*Exercise aim*
Write down exactly what lies from the line containing "this 1600×1067 image." to the end of the records, inclusive, and omit the pictures.

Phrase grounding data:
>>>>

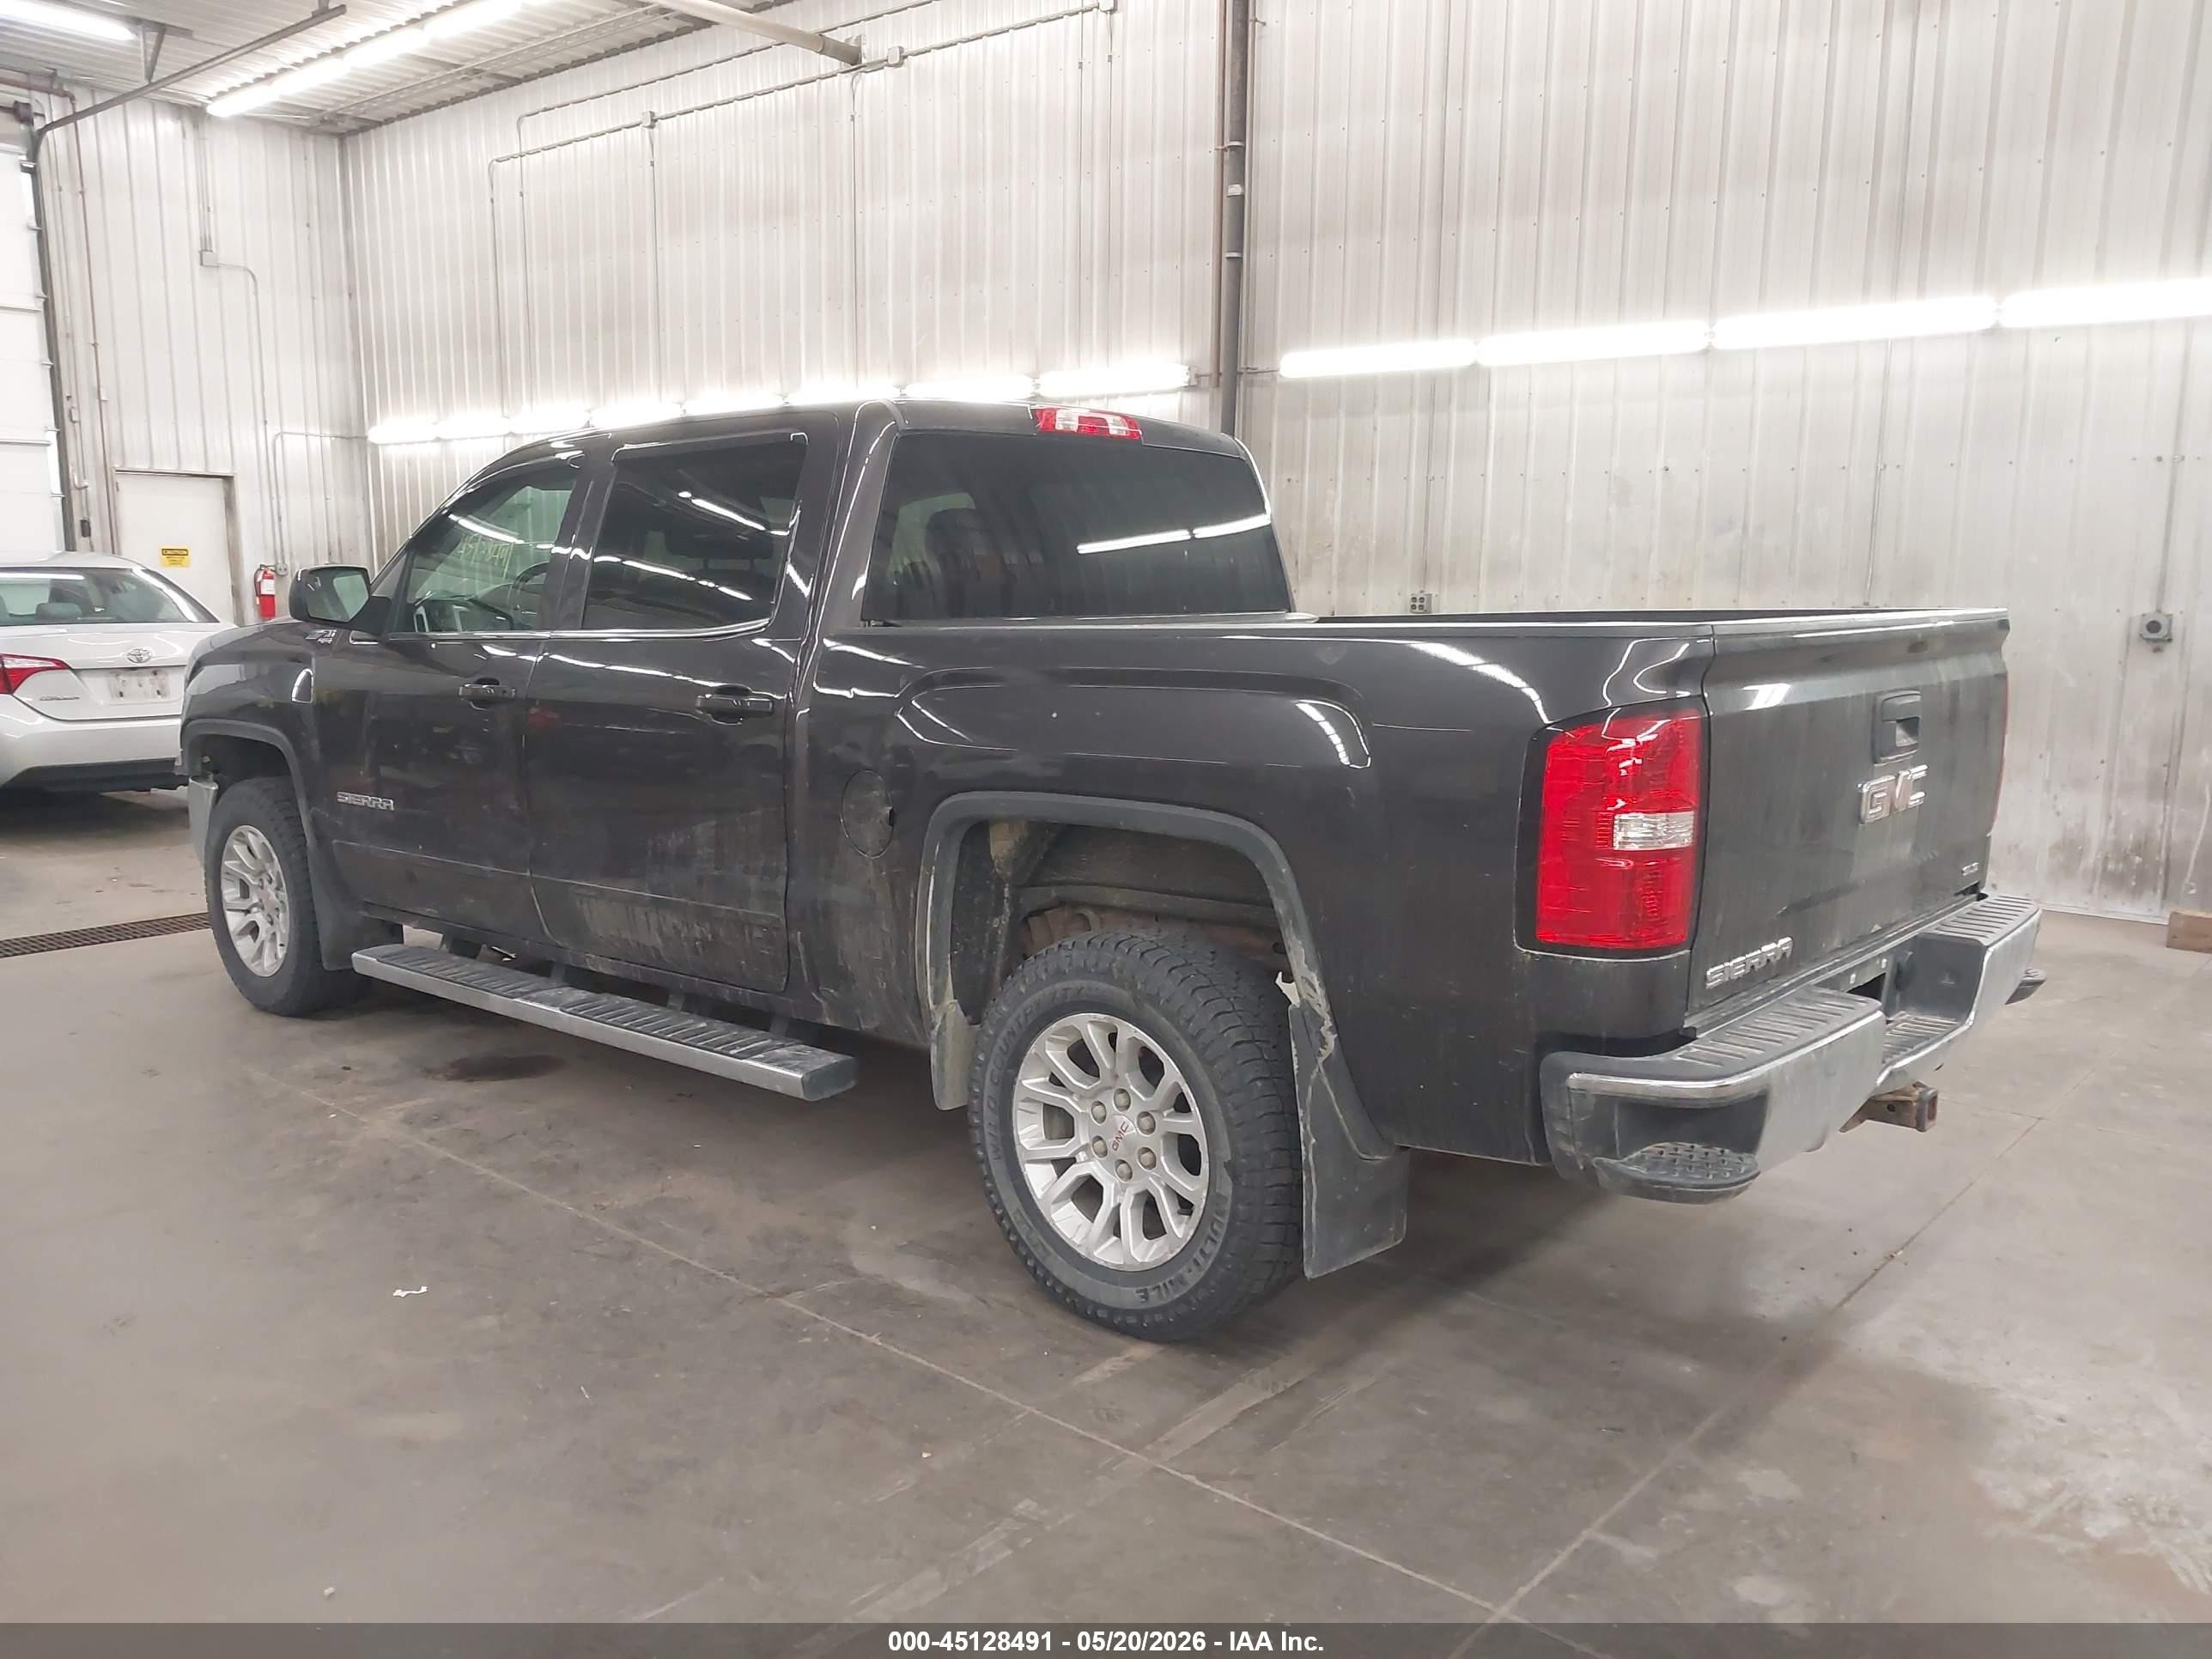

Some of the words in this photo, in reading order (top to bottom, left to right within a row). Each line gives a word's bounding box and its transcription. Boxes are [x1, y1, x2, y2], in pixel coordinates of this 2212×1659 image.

[336, 791, 395, 811] SIERRA
[1856, 763, 1929, 825] GMC
[1705, 936, 1794, 990] SIERRA
[1111, 1121, 1130, 1152] GMC
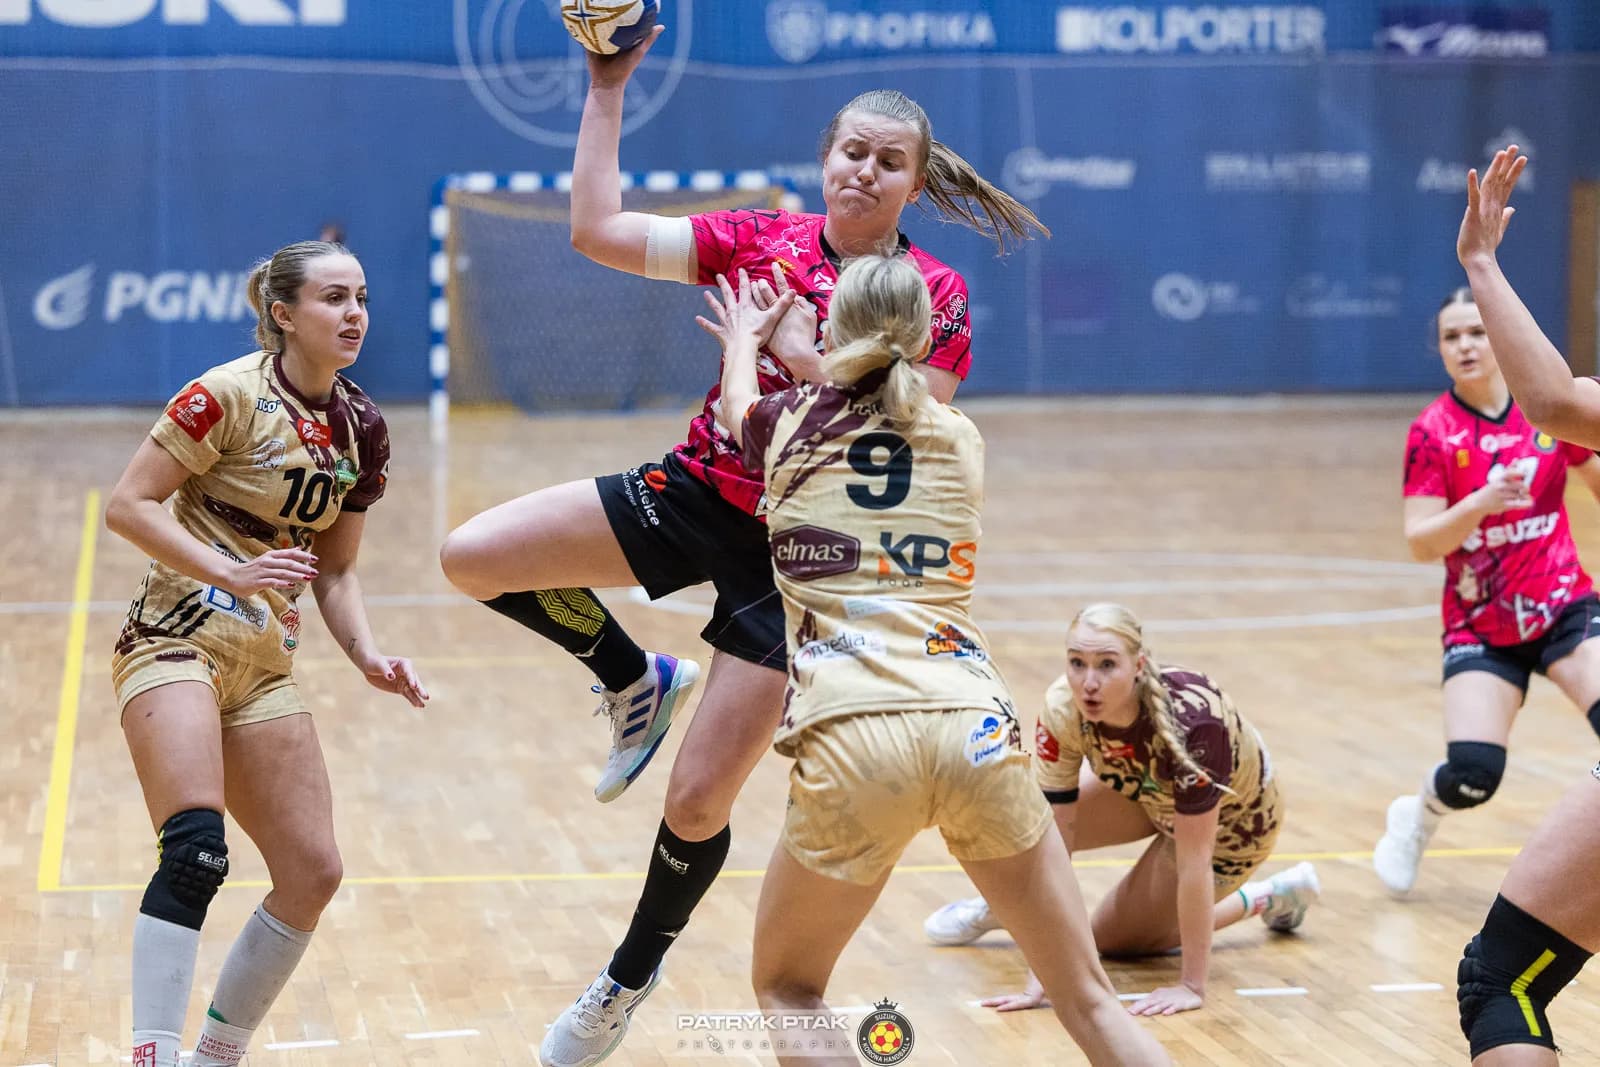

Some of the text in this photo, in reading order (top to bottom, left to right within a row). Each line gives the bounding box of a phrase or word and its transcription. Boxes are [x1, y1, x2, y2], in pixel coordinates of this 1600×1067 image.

[282, 467, 332, 523] 10
[846, 432, 913, 510] 9
[776, 537, 845, 562] elmas
[879, 531, 977, 583] KPS
[197, 851, 226, 867] SELECT
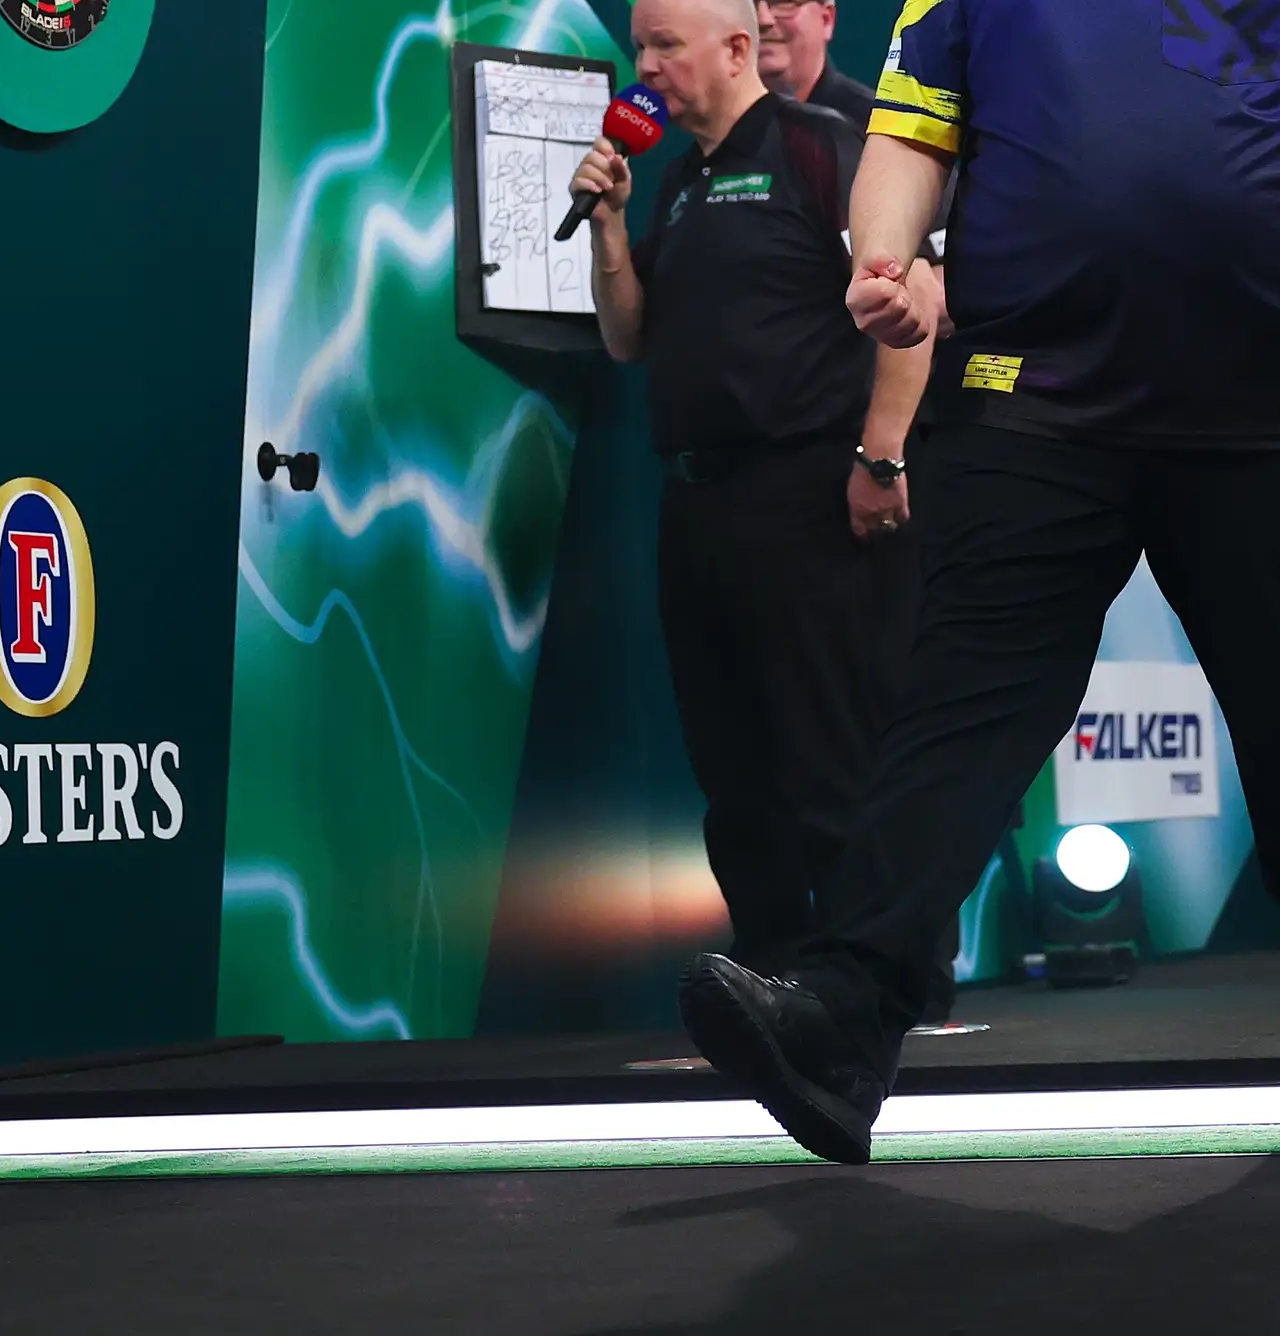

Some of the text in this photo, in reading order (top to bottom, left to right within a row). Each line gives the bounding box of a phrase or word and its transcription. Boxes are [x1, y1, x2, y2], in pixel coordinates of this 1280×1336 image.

<<<<

*Your response*
Some of the text in this photo, in reading order (top to bottom, left to right within a row). Each line gives the bounding box of a phrase or word and its transcription. Boxes are [x1, y1, x2, y2], in pixel coordinates of this 1600×1067 image.

[282, 467, 332, 523] 10
[846, 432, 913, 510] 9
[776, 537, 845, 562] elmas
[879, 531, 977, 583] KPS
[197, 851, 226, 867] SELECT

Some of the text in this photo, in reading order (top to bottom, left to right within a row). Each line gives the bounding box of a phrase or word and its transcription. Boxes are [x1, y1, x2, y2], in pixel coordinates of this 1280×1336 image.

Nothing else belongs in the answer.